This blog describes in words and pictures the building of a Paul Gartside designed fantail launch. There are a number of fantail launches of various sizes on the Paul Gartside website at http://store.gartsideboats.com/collections/steam-launches.

My boat will look like his 20 foot steam launch but will be 18 feet long and will be powered by a small diesel or petrol engine or possibly an electric motor. I have built a rowing boat, one and a half sailing boats and a small canoe and so this will be something different.

If you would like to contact me please click to send me an email.

Monday 23 January 2017

Propellor, Etc.

The propellor is a tricky thing to get. The simple solution is to buy a new one - around $600. The problem with this is that you have to specify the diameter and pitch. Diameter is fairly straight forward, as big as possible but allowing sufficient clearance between it and the hull to avoid cavitation problems. This gives me 13 inches diameter as a maximum. The pitch is more difficult because it depends on hull speed, the propellor RPM and a factor called "slip".

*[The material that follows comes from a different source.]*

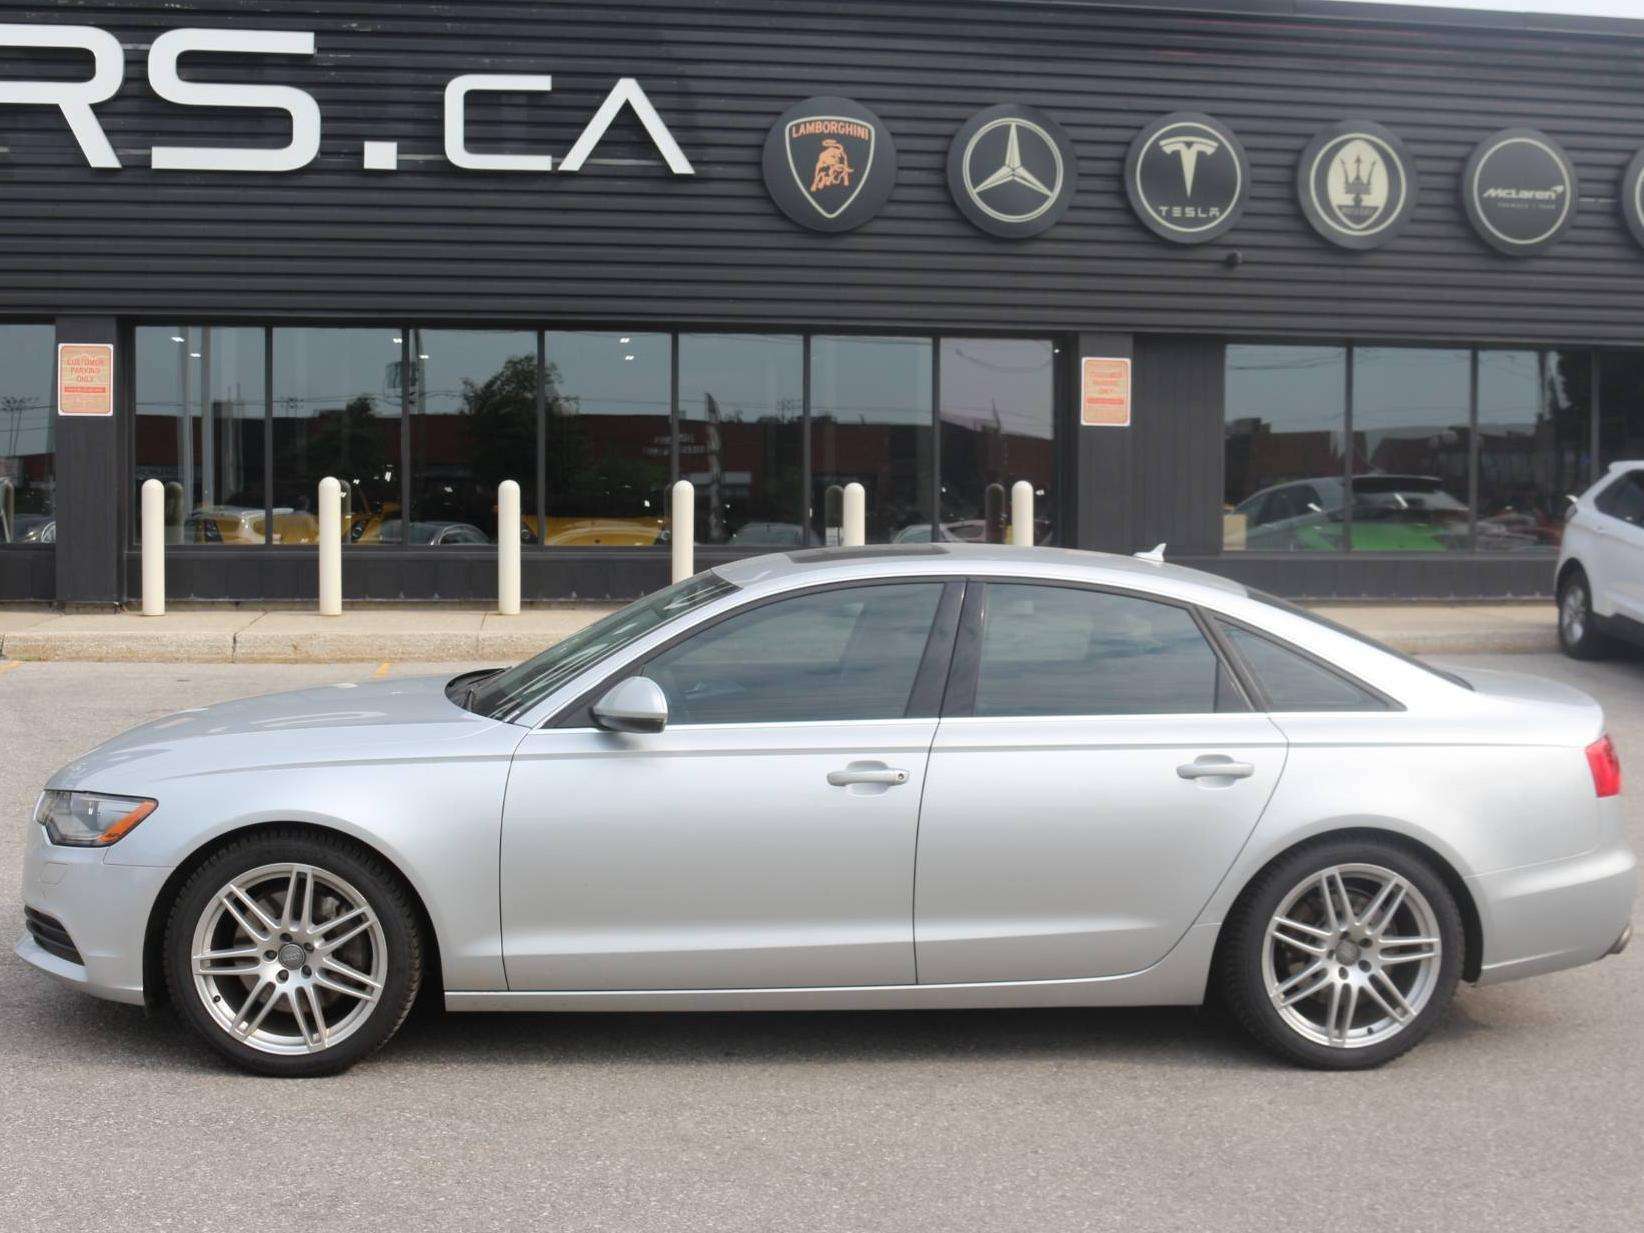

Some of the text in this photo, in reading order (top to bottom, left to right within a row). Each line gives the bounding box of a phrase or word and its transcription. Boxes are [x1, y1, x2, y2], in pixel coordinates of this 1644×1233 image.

[792, 120, 870, 141] LAMBORGHINI
[1158, 205, 1220, 218] TESLA
[70, 367, 101, 375] PARKING
[76, 375, 94, 383] ONLY

Hull speed for a displacement boat can be calculated as factor multiplied by the square root of the waterline length in feet. The factor is somewhere betwwen 1.0 for a barge and 1.4 for a slippery hull shape. Working on a factor of 1.3 and LWL of 15.25 gives a hull speed of 5.1 knots.

The formula that relates boat speed a, propellor pitch and RPM is:

        speed = RPM x pitch x slip / 1215 (1 knot = 1215 inches per minute)

Rearranging this to calculate the pitch:

       pitch = (speed x 1215) / (RPM x slip)

Putting numbers in gives:

      pitch = (5.1 x 1215) / (1000 x 0.4) = 15.5 inches.

I started looking for a secondhand  13 x 15.5 prop and found one on ebay and bought it for $120. This prop is 11.5 x 15, smaller in diameter but close in pitch. I will use this prop to make some test runs and then buy a larger new one with the correct pitch and then sell the first one on ebay.

Here is the propellor and shaft sitting temporarily in the boat.


At the other end of the prop shaft are some bearings and the electric motor. The bearings are visible fore and aft of the two floors. The plywood bracket holding the motor isn't quite the right shape and I will make a new one. The motor will drive the prop shaft with a poly vee belt around two pulleys giving a 4:1 reduction - motor speed 4000 RPM, prop shaft 1000 RPM.


The pulleys are easy enough to make (aluminium and I have a big enough metal turning lathe) and I have found a place that will cut the keyways in them for a reasonable price. I could cut the keyways on my lathe but it is tricky to set up and slow to do.

Another accomplishment over the past 2 weeks has been replacing the motor on my table saw. I started ripping timber to make the gunwales and capping strips for the cockpit coaming and the table saw would only run for a few seconds before it tripped the circuit breaker. I thought it would be easy! 2HP motor is a common size and would be available off the shelf. Took the old motor to a shop and found that it might be easy to fix (good) and that they didn't have a replacement motor in stock (bad). It turned out that the old motor was dead and the new one took a week to arrive! Of course the holes in the new motor's feet were in different places to those in the old motor, sigh!


Much nicer than the old motor. Maybe I should buy a new V belt - the old one is looking a bit tatty!